Der als serbische Aggression gegen den frisch ausgerufenen Staat BH 1992 eingeleitete Krieg entwickelte sich zum Krieg „Jeder gegen jeden“. Mit dem Friedensabkommen von Dayton (USA) wurde 1995 ein komplexes Gebilde aus 2 Entitäten und 3 konstitutiven Völkern (das 1-2-3 Prinzip) geschaffen, über welches der sog. Hohe Repräsentant (HR) als Hüter des Friedensabkommens mit nahezu diktatorischen Befugnissen wacht. Der serbische Aggressor wurde mit der Entität Republika Srpska (Republik Serbische) belohnt. Die andere Hälfte umfasst die bosniakerisch-kroatische Föderation BH (FBH).
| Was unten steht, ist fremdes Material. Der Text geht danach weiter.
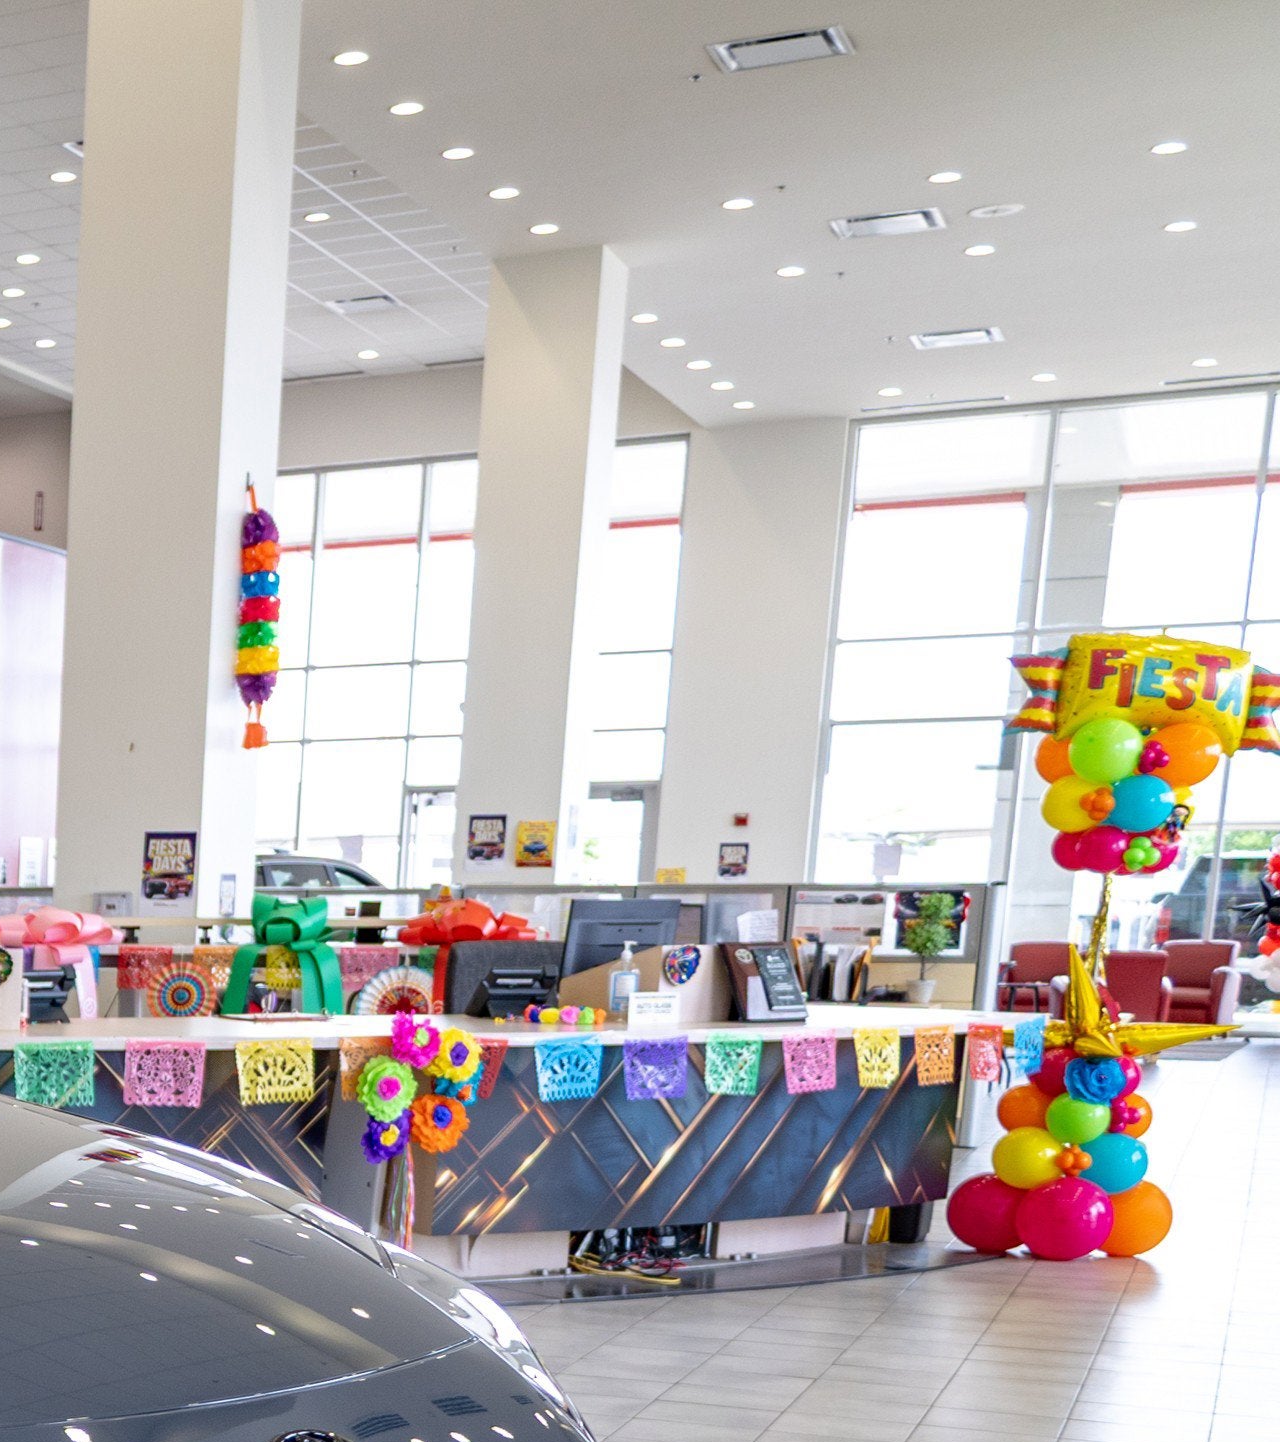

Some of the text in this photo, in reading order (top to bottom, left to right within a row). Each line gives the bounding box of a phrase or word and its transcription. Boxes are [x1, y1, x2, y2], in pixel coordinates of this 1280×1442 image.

Neben einem aufgeblähten Verwaltungsapparat, der die Korruption fördert, machen die unterschiedlichen politischen Vorstellungen dreier konstitutiven Völker (Bosniaker, Serben und Kroaten) dem jungen Staat zu schaffen. Die Serben wollen nur Serbien und lehnen jeden BH ab. Außenpolitisch streben sie zu Russland. Die (moslemischen) Bosniaker sehen sich als Daueropfer westlicher Verschwörung und wünschen sich einen unitären Staat, den sie sich mit den Serben und den Kroaten nicht teilen müssen. Außenpolitisch verhalten sie sich wie die westliche türkische (oder iranische) Provinz. Als das kleinste der konstitutiven Völker lehnen die Kroaten den Staat ab, in dem ihnen wie im ehemaligen Jugoslawien ihre ethnischen und Menschenrechte entzogen werden. Mit ihrem Streben zu EU und NATO können die Kroaten in BH kaum etwas bewegen, obwohl die meisten von Ihnen die kroatischen und somit auch die EU-Bürger sind.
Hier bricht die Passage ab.